Return all entries verbatim; skip any pictures.

_Image-backed grounding data_
*** Block opens ***

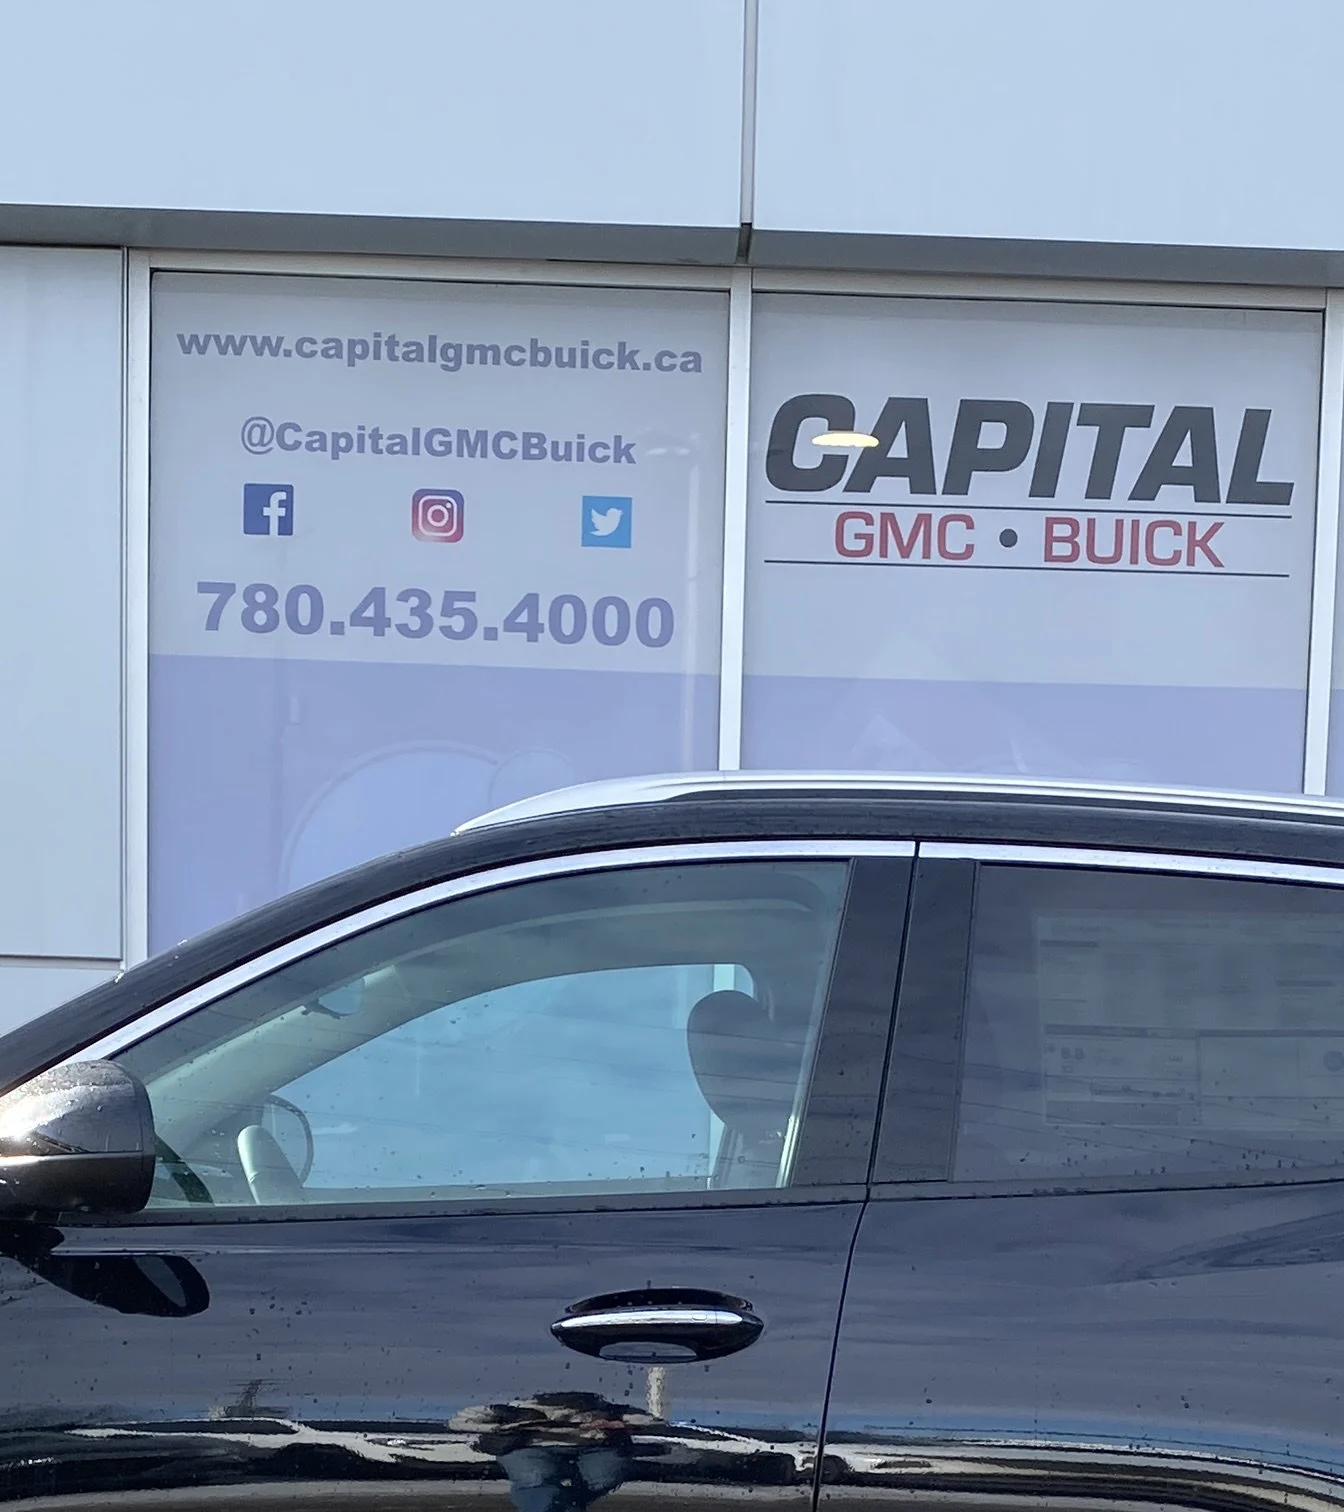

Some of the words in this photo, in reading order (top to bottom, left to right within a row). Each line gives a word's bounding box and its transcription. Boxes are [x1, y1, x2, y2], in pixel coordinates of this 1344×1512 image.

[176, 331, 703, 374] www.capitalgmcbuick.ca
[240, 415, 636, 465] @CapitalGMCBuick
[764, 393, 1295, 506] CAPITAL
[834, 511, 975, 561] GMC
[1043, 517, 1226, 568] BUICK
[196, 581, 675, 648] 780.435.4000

*** Block closes ***

_YOUR SOLUTION_
Some of the words in this photo, in reading order (top to bottom, left to right within a row). Each line gives a word's bounding box and its transcription. Boxes are [x1, y1, x2, y2], in pixel coordinates of this 1344×1512 image.

[176, 331, 703, 374] www.capitalgmcbuick.ca
[240, 415, 636, 465] @CapitalGMCBuick
[764, 393, 1295, 506] CAPITAL
[834, 511, 975, 561] GMC
[1043, 517, 1226, 568] BUICK
[196, 581, 675, 648] 780.435.4000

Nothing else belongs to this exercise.